PDA

View Full Version : Installing and booting from an aacraid root drive



pedxing
01-21-2004, 03:04 AM
I want to install Knoppix to a Dell machine with an aacraid RAID 5 disk array (and no other hard drive). Knoppix works fine from the CD, so it has the proper driver. But when I do a hard drive install using knx-hdinstall, the drive is not being recognized on reboot. I'm guessing that is because the driver is a loadable module and needs to be put into the initrd image.

My question is, how do I go about doing this?

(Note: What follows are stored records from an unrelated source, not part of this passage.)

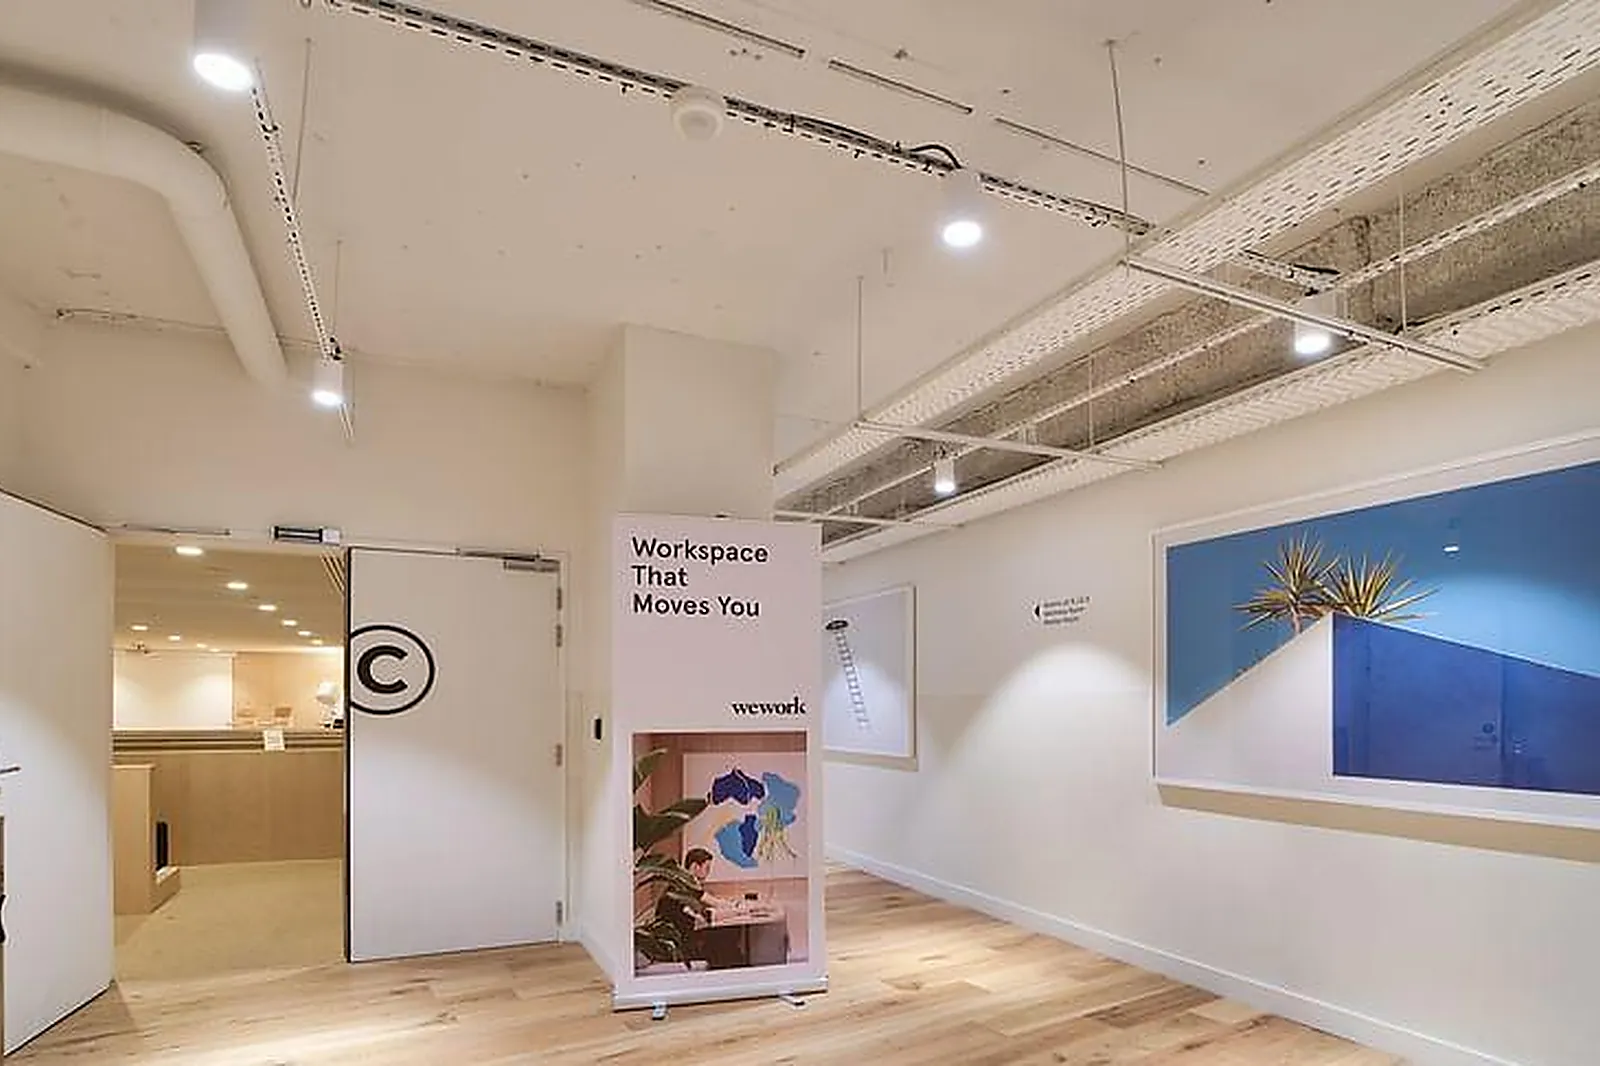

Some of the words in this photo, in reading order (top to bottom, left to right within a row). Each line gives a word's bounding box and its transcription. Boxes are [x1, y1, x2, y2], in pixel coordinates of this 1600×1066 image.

[632, 537, 768, 565] Workspace
[631, 565, 688, 587] That
[633, 593, 709, 616] Moves
[717, 596, 760, 618] You
[732, 696, 807, 715] wework

Has someone hacked knx-hdinstall so that it can load arbitrary modules into initrd? Do I need to do it myself, manually? If so, what else do I need to do to get a working system?

Enquiring minds would be grateful to know. Thanks.

pedxing
01-21-2004, 08:45 PM
I got this working, so I thought I would post an FYI for anyone else who might want SCSI drivers other than the ones the script installs by default.

The knx-hdinstall script is smart about only loading those SCSI drivers that are necessary for your particular machine into the initrd file. The trouble is that the SCSI devices it works with are not the full range that Knoppix supports, but just those that are included in the miniroot. So my solution was to create my own modified miniroot with the device driver I needed, and change the knx-hdinstall script to use my miniroot. There may be easier fixes, but this worked for me.

Here is what I did from a root prompt:

1) cp /usr/local/bin/knx-hdinstall /tmp
2) mkdir /mnt/work
3) mount -t vfat -o loop,ro /cdrom/KNOPPIX/boot.img /mnt/work
4) gzip -cd /mnt/work/miniroot.gz > /tmp/miniroot
5) umount /mnt/work
6) mount -t ext2 -o loop /tmp/miniroot /mnt/work
7) cp /lib/modules/2.4.22-xfs/kernel/drivers/scsi/aacraid/aacraid.o /mnt/work/modules/scsi
(you'll want to substitute your own device driver here)
8) umount /mnt/work
9) Edit knx-hdinstall and change:

mount -t vfat -o loop,ro /cdrom/KNOPPIX/boot.img $TL1
gzip -cd $TL1/miniroot.gz > $TR/miniroot
umount $TL1

to:

cp /tmp/miniroot $TR

10) rmdir /mnt/work
11) /tmp/knx-hdinstall

That should do it. When working with your own driver, make sure you get any dependencies it may have. I'm no module guru but I think the simplest way is using lsmod. If you don't want to trust that you can use depmod -n > /tmp/modlist.txt and check over the file for your driver.

Hope that helps anyone in a similar situation.